К сожалению, стандарты C и С++, как правило, избегают описания вещей, которые, хотя и не требуются на 100%, должны, тем не менее, ожидаться от реализаций качества, которые не документируют противоположное поведение. Предложение о том, что реализации должно делать что-то, можно рассматривать как подразумевающее, что те, которые не являются низшими, и в тех случаях, когда в целом было бы очевидно, какое поведение было бы полезным или практичным, по сравнению с непрактичным и бесполезным, при данной реализации малозначительная потребность в Стандарте вмешиваться в такие суждения.
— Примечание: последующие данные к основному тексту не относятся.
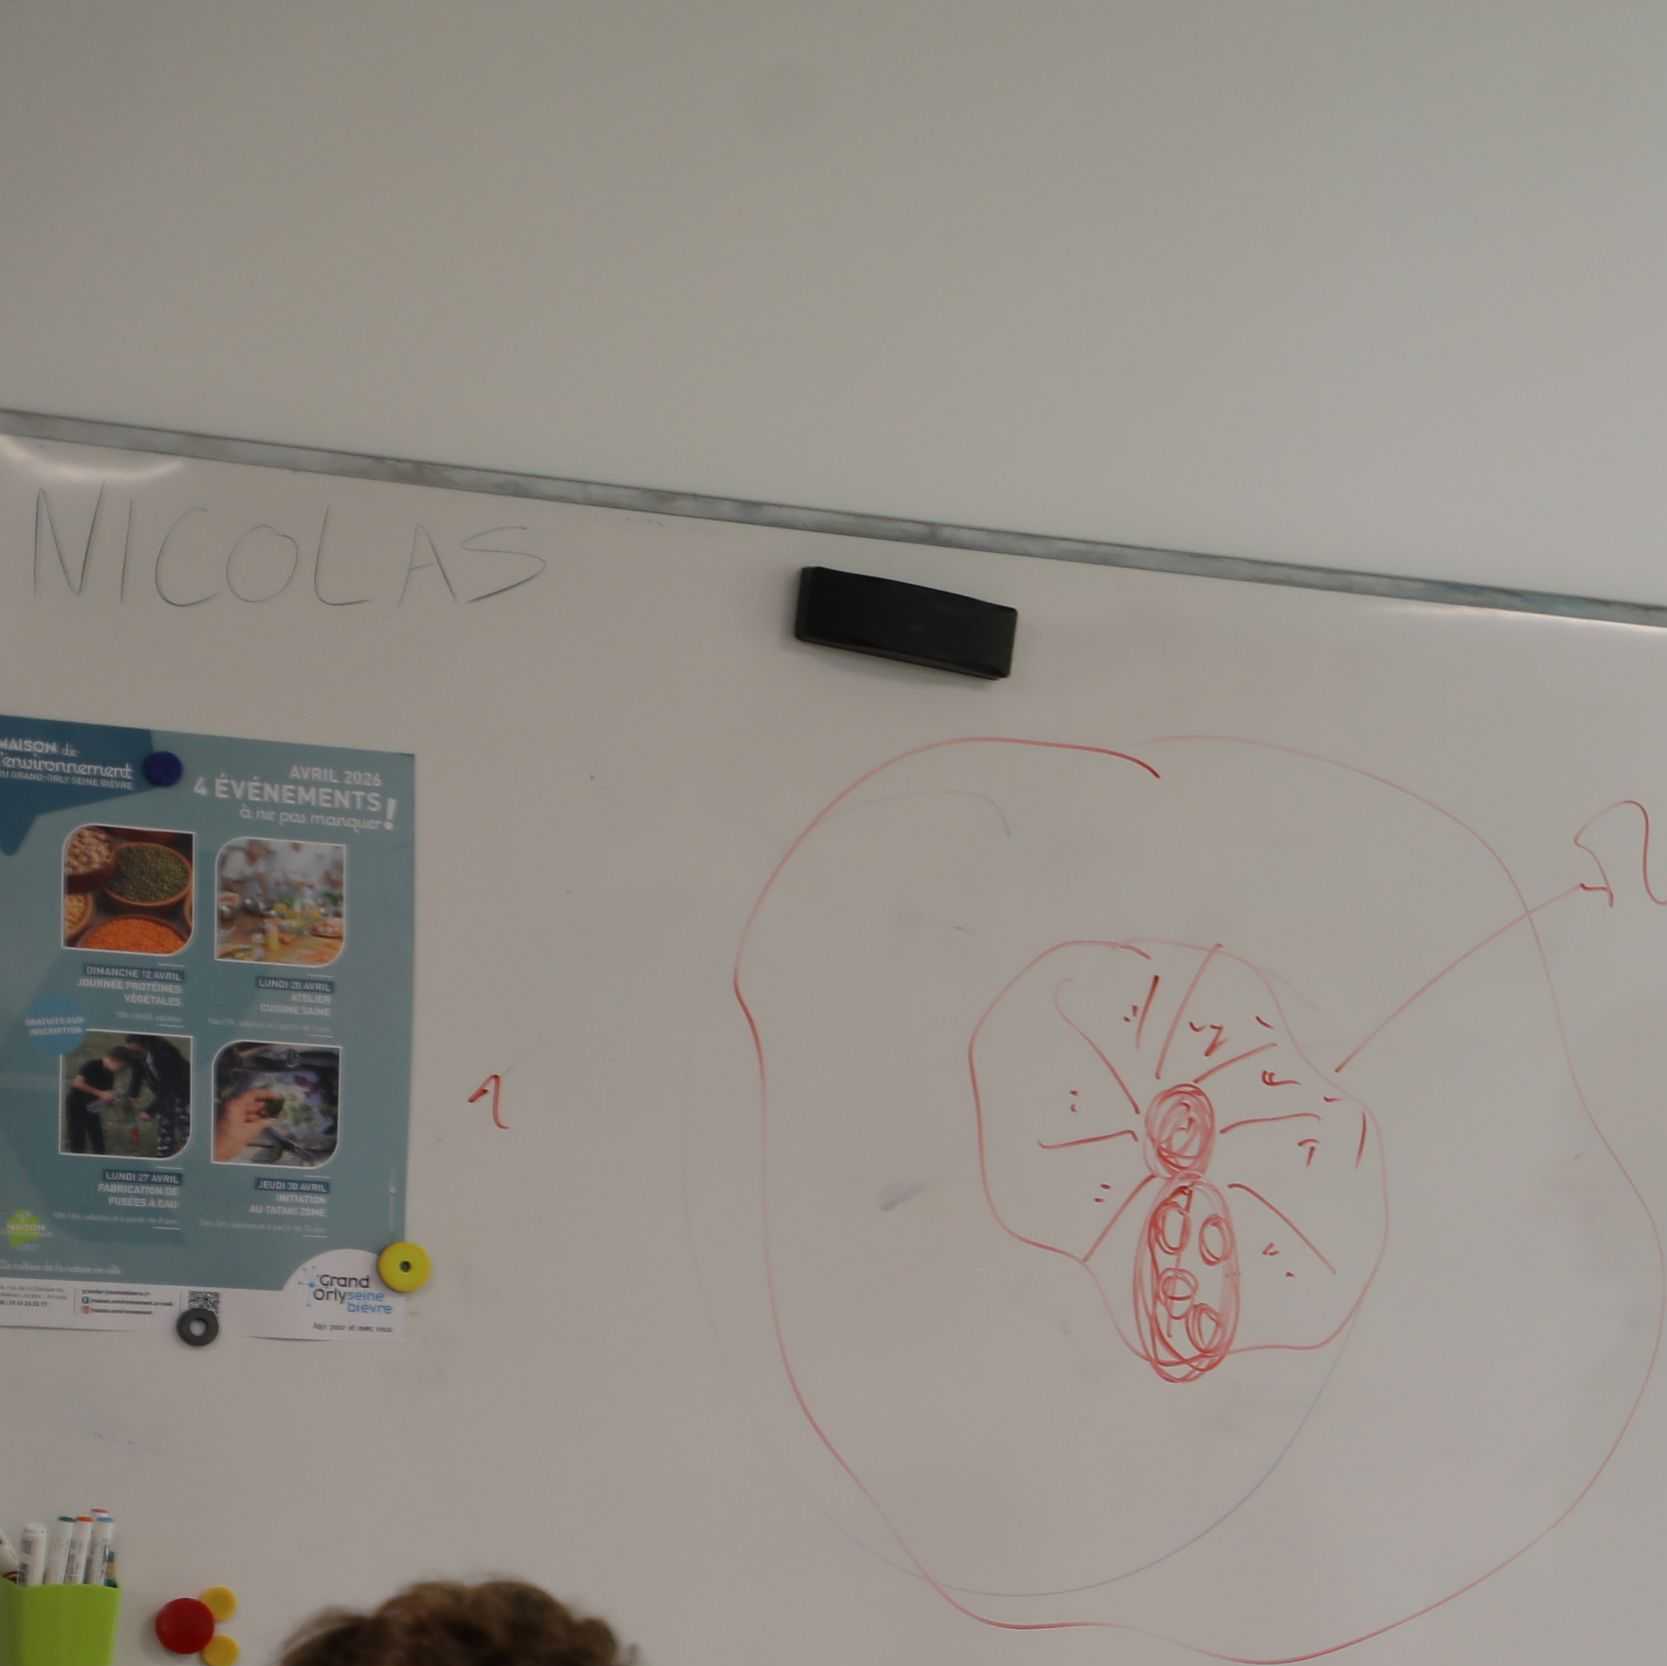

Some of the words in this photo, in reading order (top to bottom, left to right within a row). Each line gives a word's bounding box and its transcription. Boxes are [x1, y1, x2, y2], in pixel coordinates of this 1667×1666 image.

Умный компилятор может соответствовать стандарту, исключая любой код, который не будет иметь никакого эффекта, кроме случаев, когда код получает входные данные, которые неизбежно вызывают поведение Undefined, но "умные" и "немые" не являются антонимами. Тот факт, что авторы Стандарта приняли решение о том, что могут быть некоторые виды реализаций, где добродетельное поведение в данной ситуации было бы бесполезным и нецелесообразным, не подразумевает какого-либо суждения относительно того, следует ли рассматривать такое поведение как практическое и полезное для других. Если бы реализация могла отстаивать поведенческую гарантию без каких-либо затрат, помимо потери возможности отсечения "мертвой ветки", почти любой ценный код пользователя мог бы получить от этой гарантии превышение стоимости ее предоставления. Уничтожение мертвых ветвей может быть прекрасным в тех случаях, когда ему не нужно отказываться от чего-либо, но если в данной ситуации пользовательский код мог бы обрабатывать практически любое возможное поведение, отличное от исключения веткистой ветки, любой пользовательский код с усилием должен был бы расходовать избежать UB, вероятно, превысит значение, достигнутое от DBE.